DECISION OF THE VISA OFFICER

[7]      The visa officer was of the opinion that the applicant did not have the ability to run a profitable business.

[8]      She noted that the business supposedly opened in September 1990, yet the date of registration was September 1994. She noted that the business had an income of approximately $50,000 (Cdn) to be shared by the three partners. In her opinion this business did not provide them with a large profit. The visa officer pointed out to the fact that the applicant and his brother had different answers as to the profits of this business.
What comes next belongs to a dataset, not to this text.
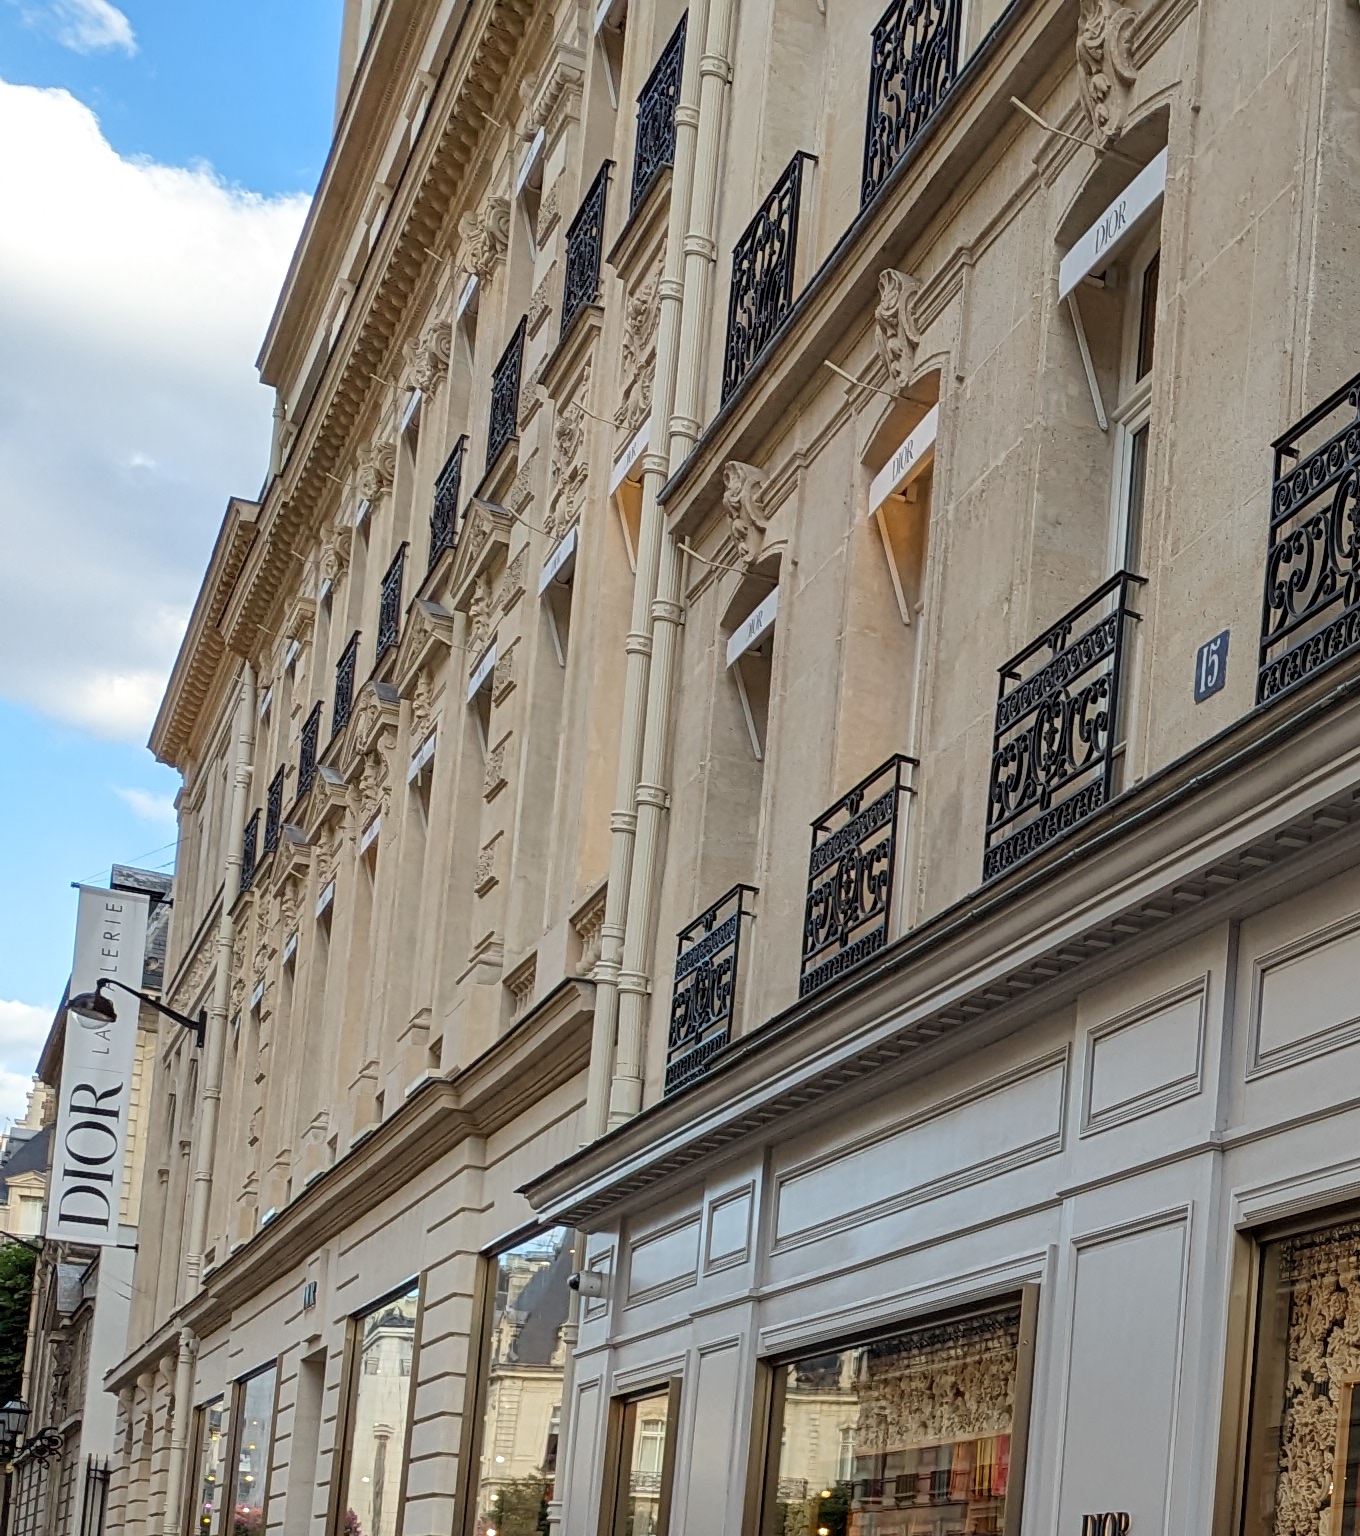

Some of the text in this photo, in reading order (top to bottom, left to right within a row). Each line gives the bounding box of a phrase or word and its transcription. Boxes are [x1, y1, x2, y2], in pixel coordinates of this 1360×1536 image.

[9]      The visa officer indicated that the applicant had $53,000 (Cdn) and plans to invest $50,000 (Cdn) in the business venture in Canada. She was of the view that this was not a sufficient fund to open a business, give employment to two persons and at the same time support himself, his wife and two children, when neither himself nor his wife spoke any of the Official Languages.

[10]      The visa officer did not believe that the applicant would receive 80 million South Korean Won (KRW) from a deposit on a house lease agreement. Nor did she believe that he has property in Korea worth $200,000 (Cdn) since there was no assessment of the property which is in his father-in law"s name.

[11]      She was not convinced that the applicant had sufficient knowledge about the business proposal nor that he has the ability to run the business venture, nor that it would be a profitable business whereby he would enhance the economy of Canada and provide employment opportunities for at least one Canadian citizen or permanent resident of Canada. The visa officer therefore refused the application.

THE APPLICANT"S POSITION

[12]      The applicant submits that the visa officer erred in law in not considering whether the applicant had the ability to purchase a business after determining that he did not have the ability to establish a business.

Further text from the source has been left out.